Results: Robust Joint Training Across Domains
Superiority Under Domain Shift:
U-Harmony demonstrates consistent improvements in Dice Similarity Coefficient (DSC) across all tested domains, surpassing both CNN and transformer baselines by 1.6–3.4 percentage points in average DSC. Particularly, when applied within the SwinUNETR framework, the full U-Harmony model achieves significant performance gains on both single and joint segmentation settings.
Generalization in Joint Settings:
Under joint training with unaligned modalities and annotation classes, U-Harmony is able to maintain source domain performance while generalizing effectively to target domains. Its performance exceeds that of competing methods, with up to +8.4% improvement in DSC relative to multi-domain baselines. Visually, this manifests as superior boundary delineation and adaptive segmentation, even under severe domain and class shifts (Figure 2).
Figure 2: Comparative segmentation visualization on single and joint-task transitions, highlighting U-Harmony’s superior boundary accuracy and adaptivity versus CVCL.
Ablation and Layer Utilization Analysis:
Ablation studies confirm the contribution of the harmonization-restoration cascade: first-stage harmonization alone is insufficient; the restoration step is critical for maintaining domain-relevant features. Incorporating higher-order polynomial terms in the affine transformation further boosts robustness. Increased stacking of U-Harmony layers correlates with consistently superior segmentation performance, indicating the capacity for deeper harmonization to capture complex domain interrelations (Figure 3).

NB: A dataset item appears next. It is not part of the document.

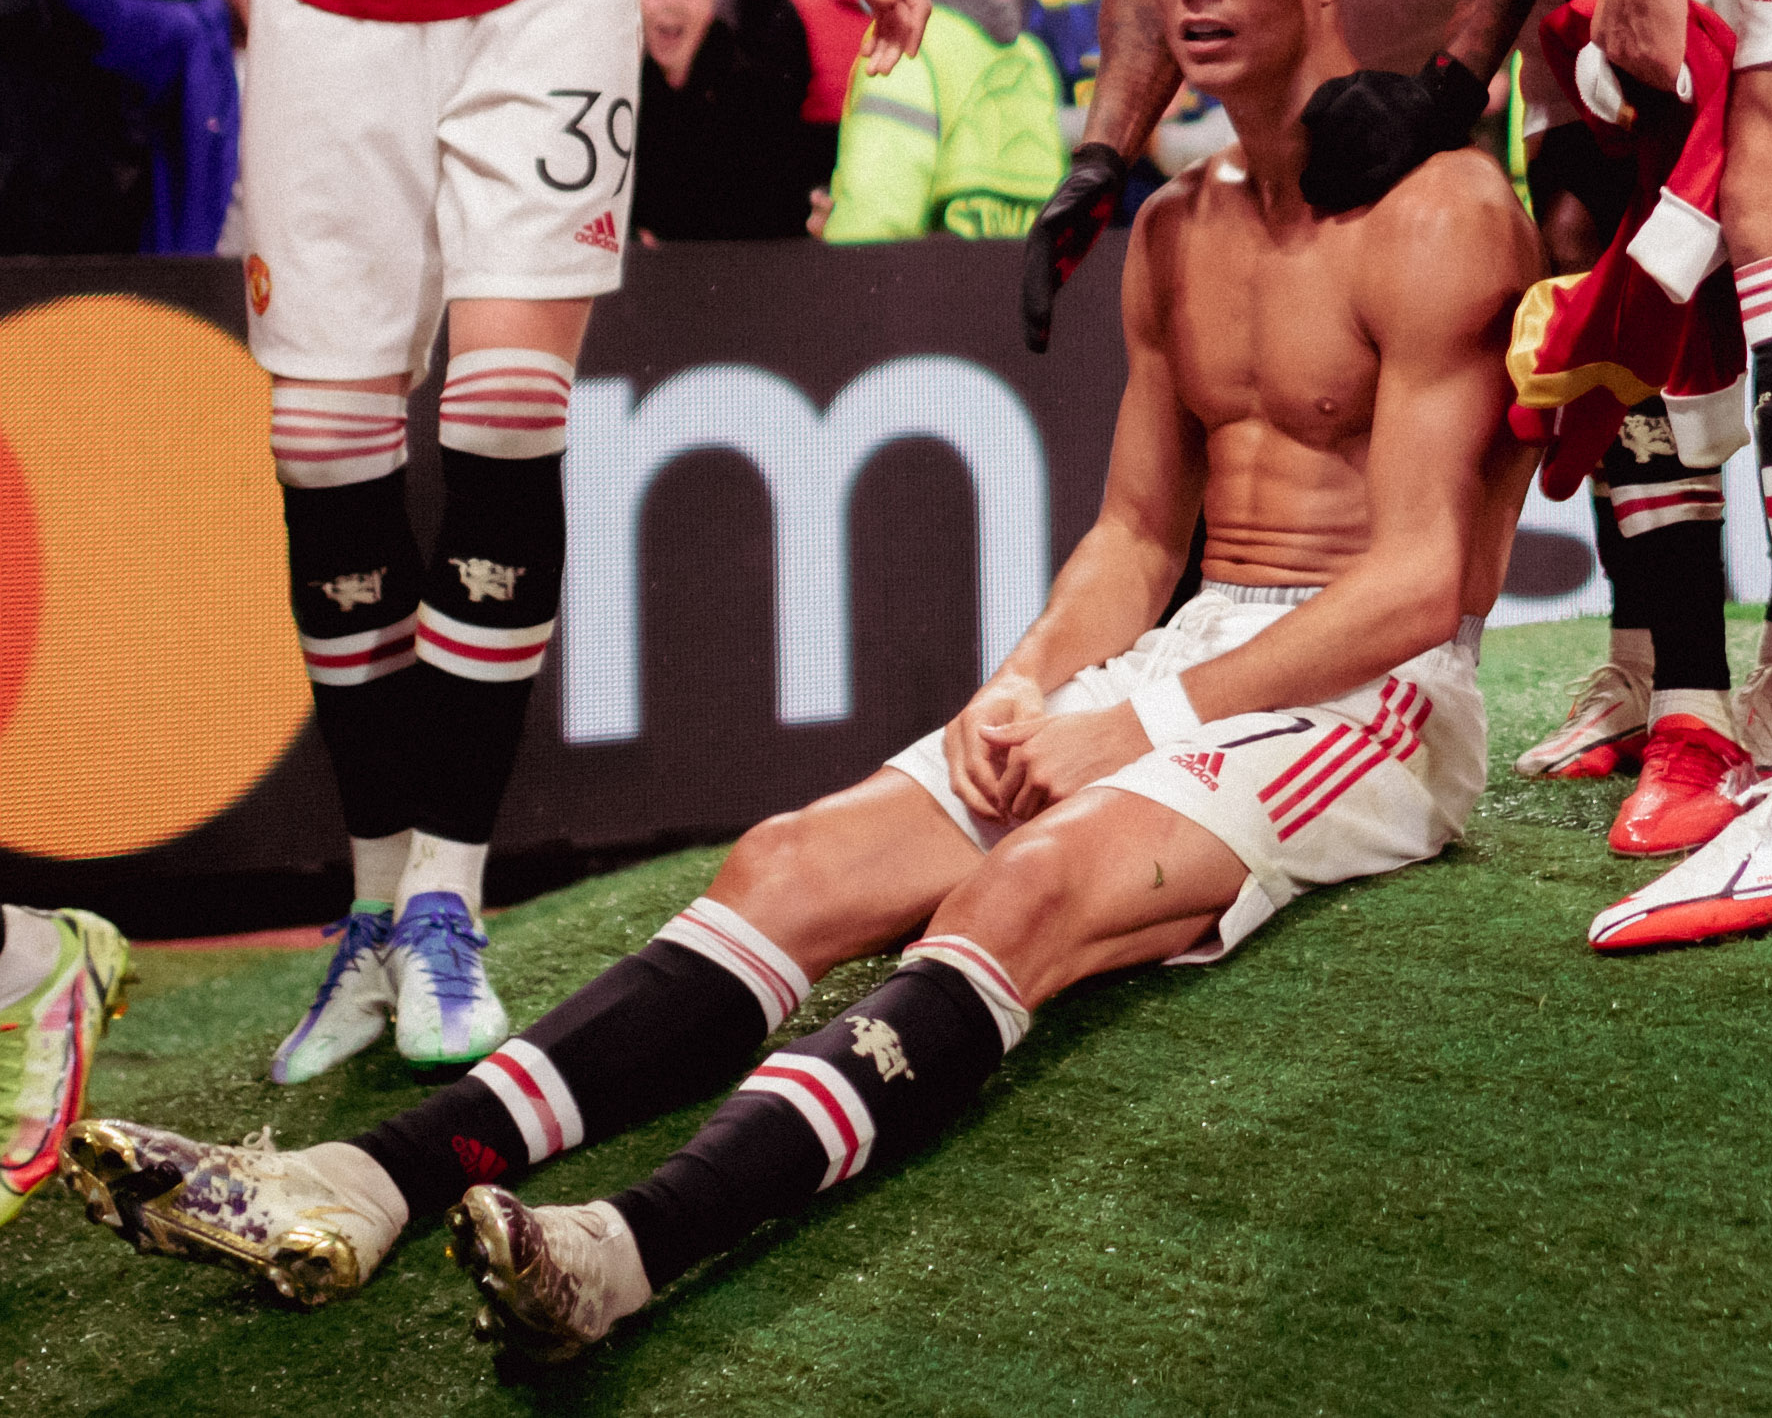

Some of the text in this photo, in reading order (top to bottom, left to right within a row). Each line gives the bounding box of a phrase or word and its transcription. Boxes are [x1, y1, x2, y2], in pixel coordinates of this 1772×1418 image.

[536, 90, 634, 198] 39
[573, 231, 620, 254] adidas
[1169, 754, 1219, 792] adidas

Figure 3: Segmentation results with ablations on harmonization, showing U-Harmony’s robustness under domain shift and expansion to extra (out-of-domain) classes.
Dataset-Free Inference:
The domain-gated head enables accurate inference without requiring prior knowledge of test data provenance, lagging behind an oracle (with explicit dataset labels) by only 1.3% DSC, but offering dramatically improved practicality for real-world deployment scenarios.
Implications and Future Directions
The U-Harmony module re-defines the practical limits of joint training for 3D medical image segmentation. The framework makes several strong claims: it systematically mitigates detrimental domain and modality shifts, requires no inference-time dataset identification, and enables a single segmentation model to function across diverse clinical data sources without sacrificing source-domain performance or incurring performance/robustness trade-offs typical to prior DG methods.
Practically, these advances support scalable deployment of medical AI in distributed and federated clinical networks, where pooling and harmonizing data from multiple sources is essential. Theoretically, the success of the harmonization-restoration cascade opens new directions for modular, learned normalization schemes addressing other multi-domain, multi-task scenarios, and provides a template for handling adaptation to out-of-training-distribution data—critical for trustworthy clinical deployment.
Potential future research includes extending U-Harmony to additional medical domains, leveraging it for foundation models in medical vision, exploring fine-grained class expansion in federated and privacy-preserving regimes, and integrating advanced meta-learning or continual learning strategies that further minimize catastrophic forgetting during sequential dataset expansion.
Conclusion
U-Harmony provides a unified, modular approach for universal harmonization in 3D medical segmentation, achieving robust joint training across heterogeneous, real-world datasets while eliminating the need for explicit domain identification at inference. The harmonization-restoration pipeline sets a new benchmark for adaptable segmentation, with strong evidence for both practical utility and theoretic extensibility in clinical AI.